Exercise input >>
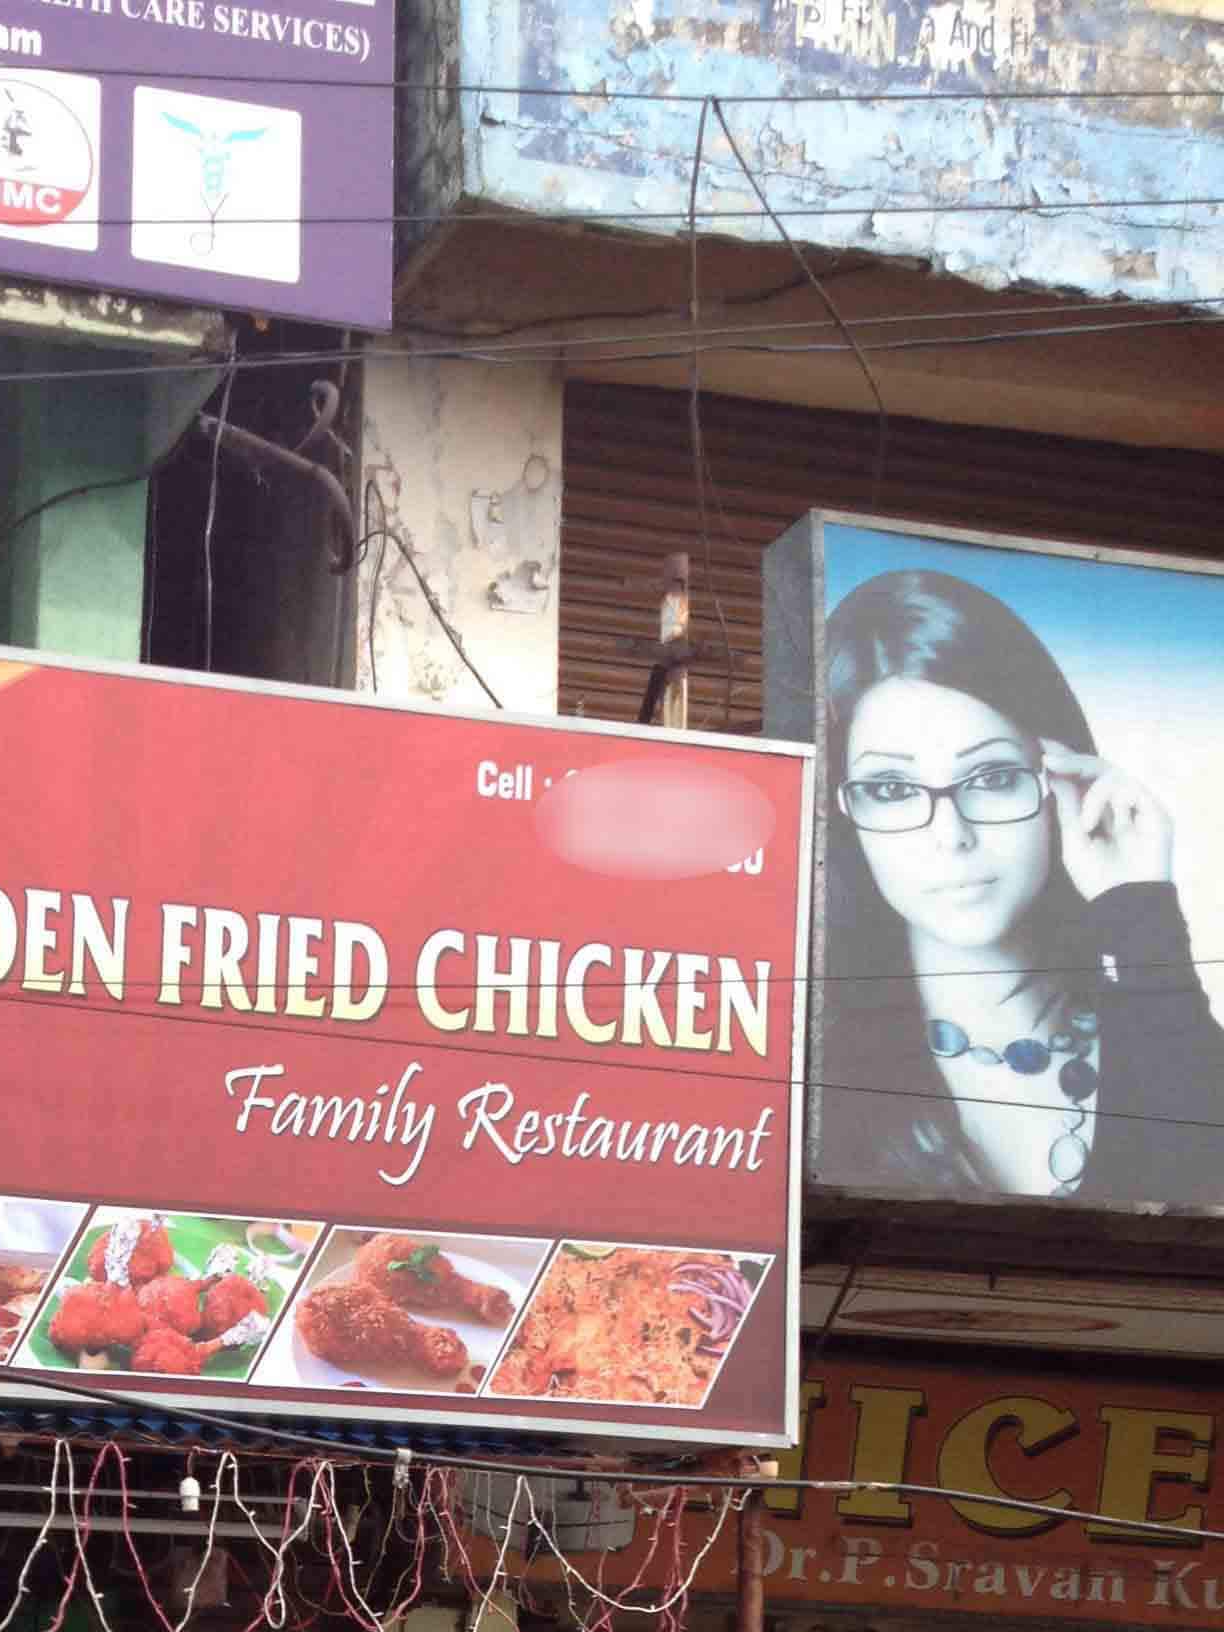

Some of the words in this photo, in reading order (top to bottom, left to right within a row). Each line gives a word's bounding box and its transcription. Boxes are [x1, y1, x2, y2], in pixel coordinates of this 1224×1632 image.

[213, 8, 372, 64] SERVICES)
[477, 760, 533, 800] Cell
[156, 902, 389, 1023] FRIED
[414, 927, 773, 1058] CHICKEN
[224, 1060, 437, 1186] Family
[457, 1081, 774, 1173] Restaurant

Work order >> Write out every record exactly. Leave the pictures out.

Answer to the problem >>
Some of the words in this photo, in reading order (top to bottom, left to right within a row). Each line gives a word's bounding box and its transcription. Boxes are [x1, y1, x2, y2], in pixel coordinates of this 1224×1632 image.

[213, 8, 372, 64] SERVICES)
[477, 760, 533, 800] Cell
[156, 902, 389, 1023] FRIED
[414, 927, 773, 1058] CHICKEN
[224, 1060, 437, 1186] Family
[457, 1081, 774, 1173] Restaurant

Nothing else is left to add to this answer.